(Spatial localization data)

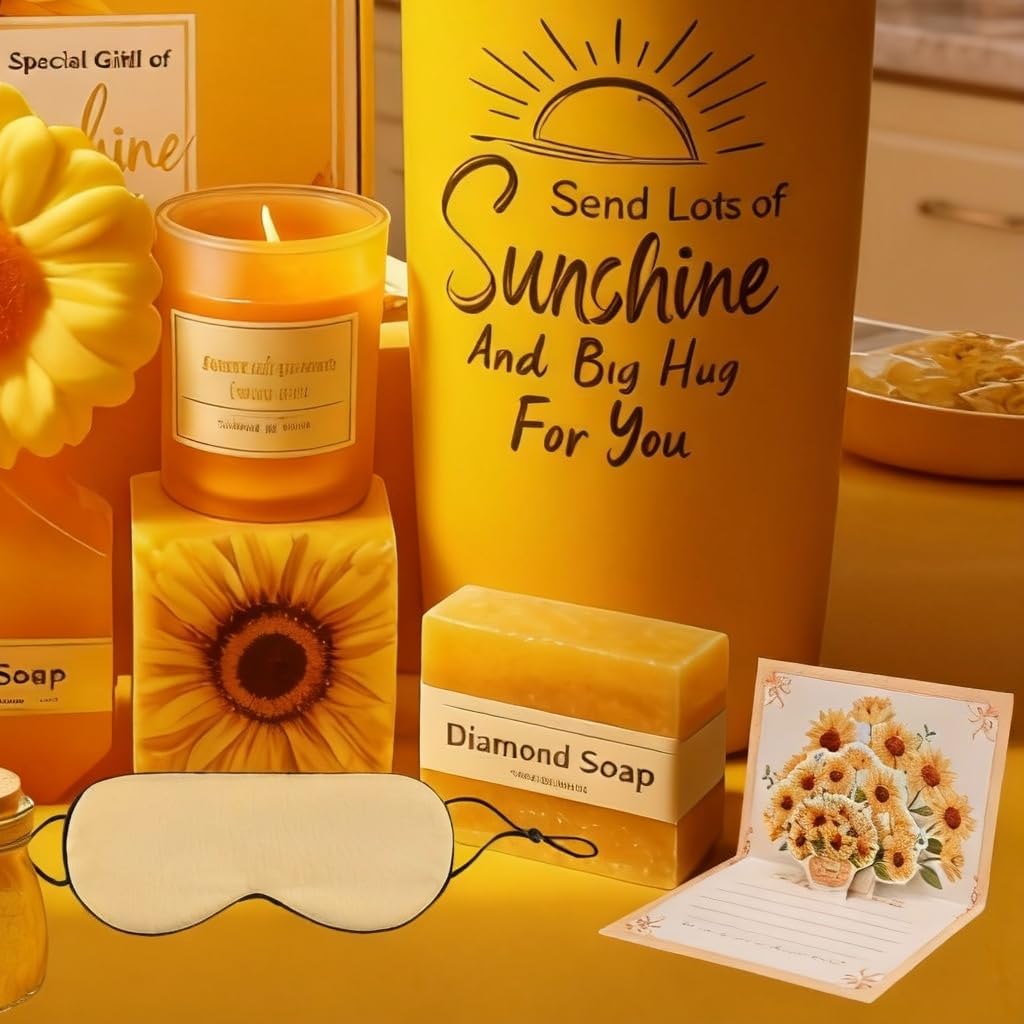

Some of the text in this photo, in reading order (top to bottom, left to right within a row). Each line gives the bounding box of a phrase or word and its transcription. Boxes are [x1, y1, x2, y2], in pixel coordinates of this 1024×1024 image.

[149, 49, 172, 69] of
[551, 179, 790, 221] Send Lots of
[467, 324, 740, 396] And Big Hug
[510, 395, 691, 467] For You
[446, 722, 570, 769] Diamond
[579, 750, 655, 794] Soap
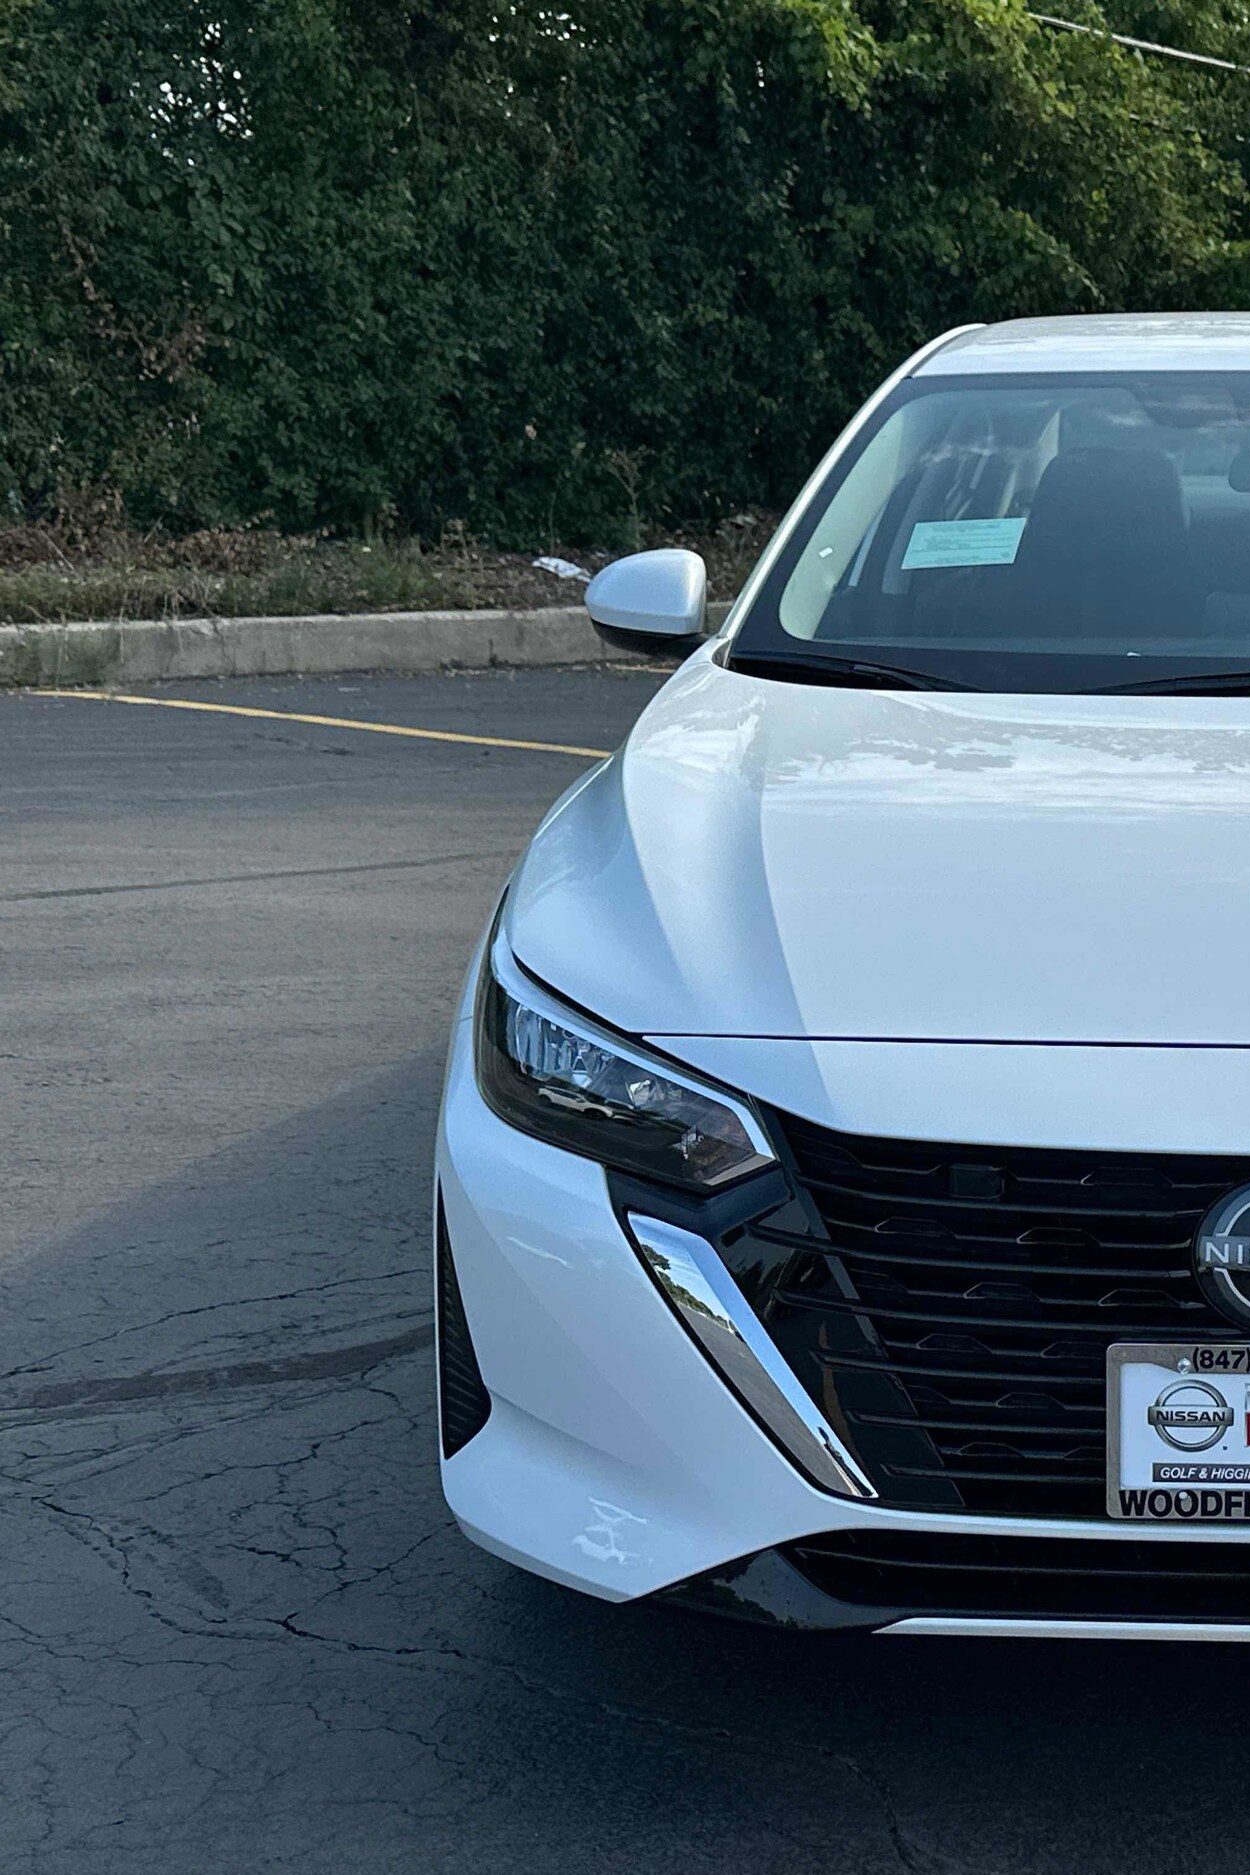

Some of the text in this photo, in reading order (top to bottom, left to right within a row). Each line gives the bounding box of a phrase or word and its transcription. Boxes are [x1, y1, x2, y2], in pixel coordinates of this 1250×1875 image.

[1156, 1410, 1226, 1423] NISSAN
[1160, 1467, 1198, 1479] GOLF
[1199, 1468, 1208, 1479] &
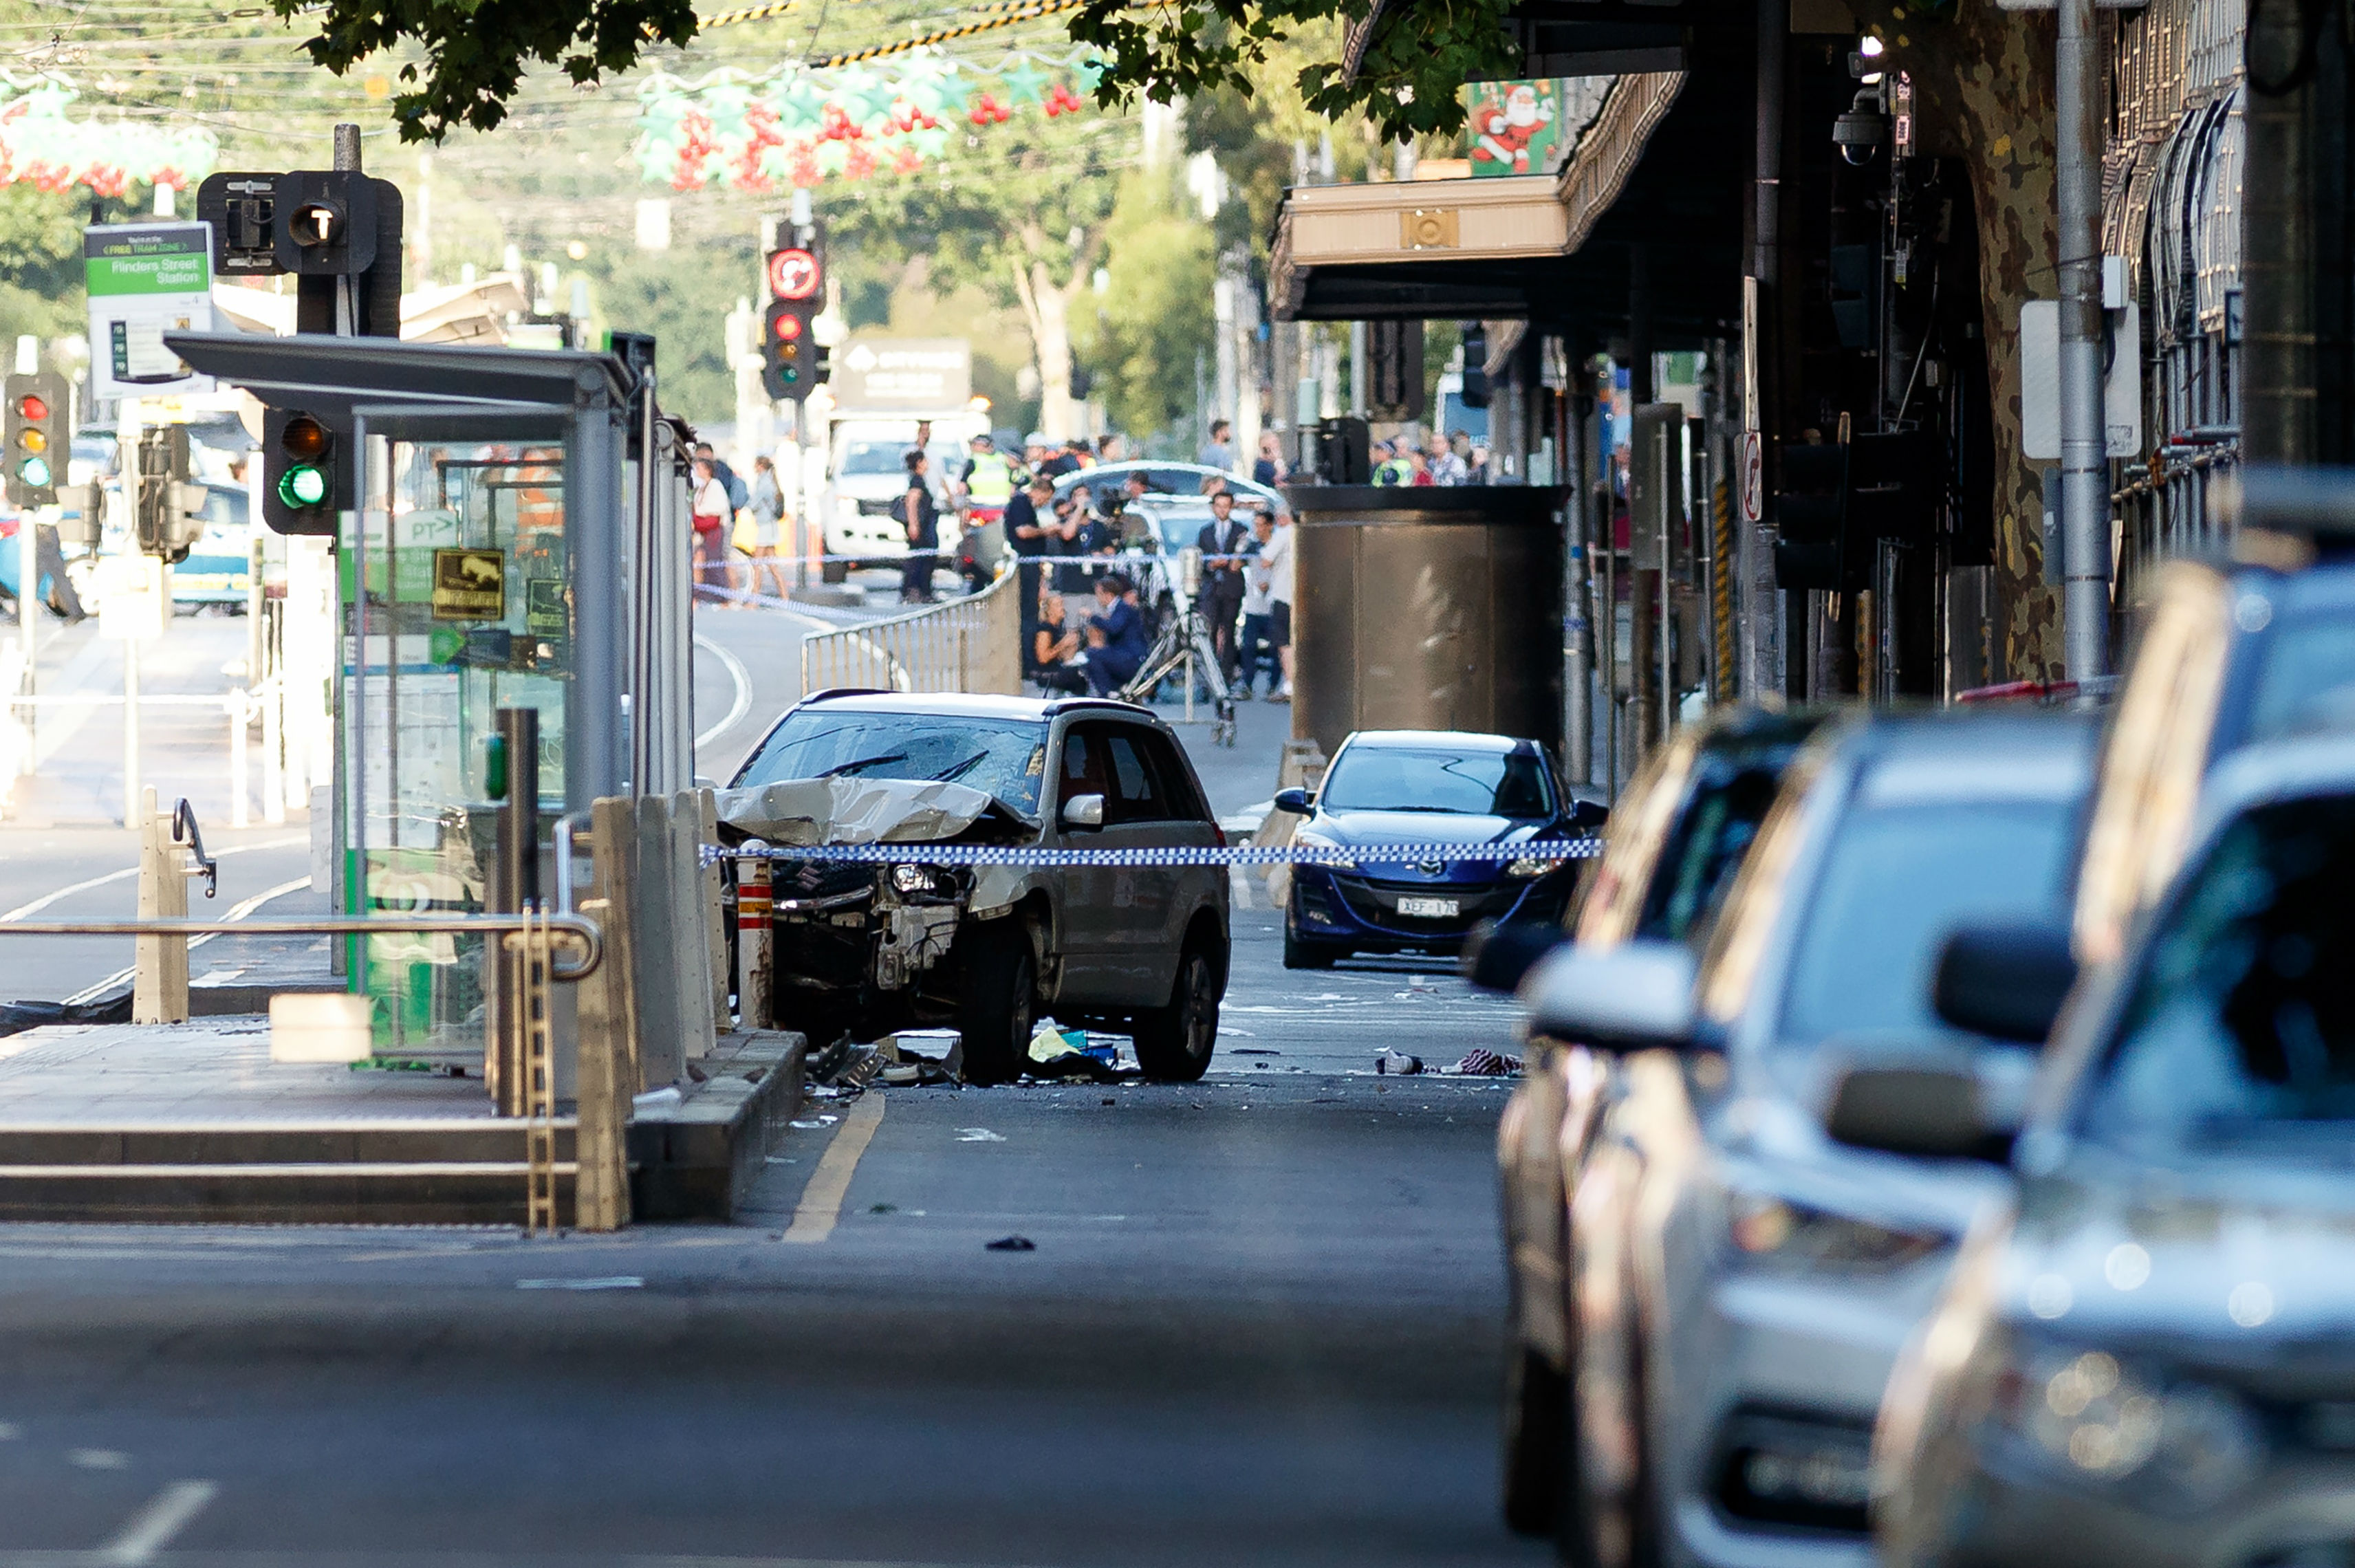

- **Work instructions**: Write out all the data exactly, minus pictures.

- **Task answer**:
Some of the text in this photo, in reading order (top to bottom, left to right within a row). Each line gives the bounding box of a phrase or word and its transcription. Boxes are [x1, y1, x2, y2], in pixel coordinates of this 1024×1024 image.

[149, 49, 172, 69] of
[551, 179, 790, 221] Send Lots of
[467, 324, 740, 396] And Big Hug
[510, 395, 691, 467] For You
[446, 722, 570, 769] Diamond
[579, 750, 655, 794] Soap

Some of the text in this photo, in reading order (top to bottom, left to right within a row). Each line gives the bounding box of a phrase or word and its transcription. Boxes are [x1, y1, x2, y2], in pixel coordinates of this 1250×1875 image.

[1156, 1410, 1226, 1423] NISSAN
[1160, 1467, 1198, 1479] GOLF
[1199, 1468, 1208, 1479] &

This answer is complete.